Discovery of a Tricyclic β-Lactam as a Potent Antimicrobial Agent against Carbapenem-Resistant Enterobacterales, Including Strains with Reduced Membrane Permeability and Four-Amino Acid Insertion into Penicillin-Binding Protein 3: Structure-Activity-Relationships and In Vitro and In Vivo Activities

The current worldwide emergence of carbapenem-resistant enterobacterales (CREs) constitutes an important growing clinical and public health threat. Acquired carbapenemases are the most important determinants of resistance to carbapenems. In the development of the previously reported tricyclic beta-lactam skeleton which exhibits potent antibacterial activities against several problematic beta-lactamase-producing CREs without a beta-lactamase inhibitor, we found that these activities were reduced against clinical isolates with resistance mechanisms other than beta-lactamase production.
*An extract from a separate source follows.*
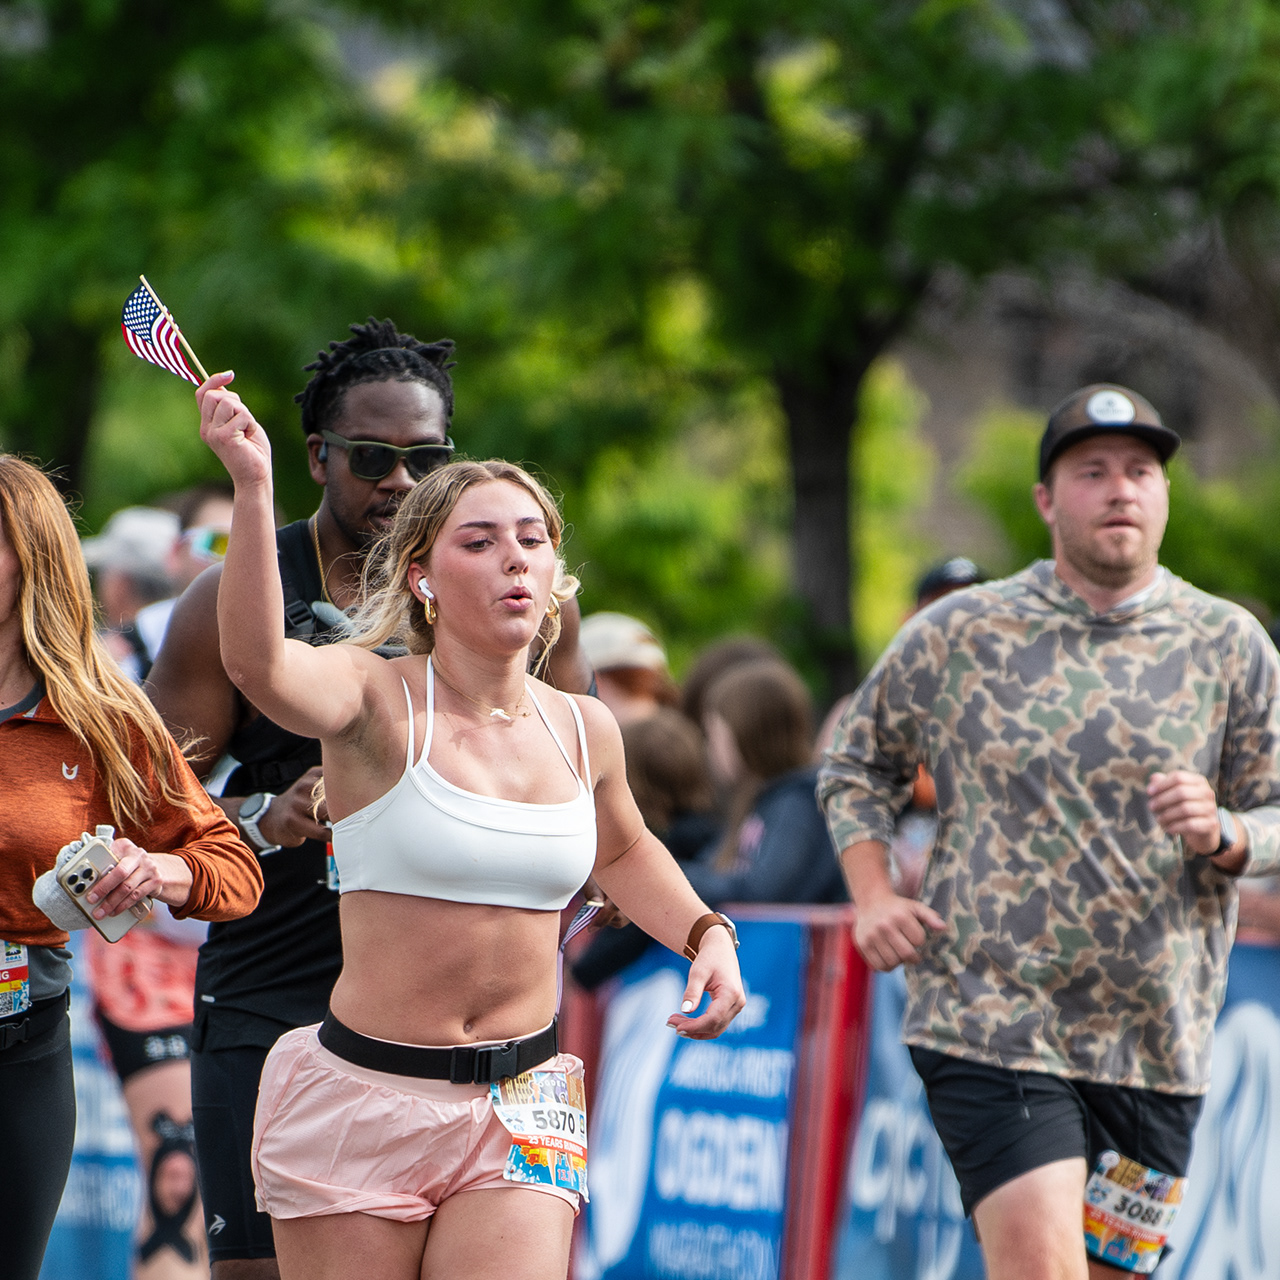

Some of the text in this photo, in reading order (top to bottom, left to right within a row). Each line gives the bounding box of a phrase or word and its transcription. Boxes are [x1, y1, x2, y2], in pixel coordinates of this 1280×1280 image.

[531, 1109, 575, 1135] 5870
[527, 1135, 539, 1144] 25
[540, 1136, 564, 1149] YEARS
These mechanisms were the reduction of outer membrane permeability with the production of beta-lactamases and the insertion of four amino acids into penicillin-binding protein 3. Here, we report the discovery of a potent compound that overcomes these resistance mechanisms by the conversion of the alkoxyimino moiety of the aminothiazole side chain in which a hydrophilic functional group is introduced and the carboxylic acid of the alkoxyimino moiety is converted to reduce the negative charge of the whole molecule from 2 to 1. This potent tricyclic beta-lactam is a promising drug candidate for infectious diseases caused by CREs due to its potent therapeutic efficacy in the neutropenic mouse lung infection model and low frequency of producing spontaneously resistant mutants.

Automated summary

The emergence of carbapenem-resistant enterobacterales (CREs) is a significant global clinical and public health threat. This study reports the discovery of a potent tricyclic beta-lactam compound that overcomes resistance mechanisms other than beta-lactamase production. The compound showed promising therapeutic efficacy in a mouse lung infection model, making it a potential drug candidate for infectious diseases caused by CREs.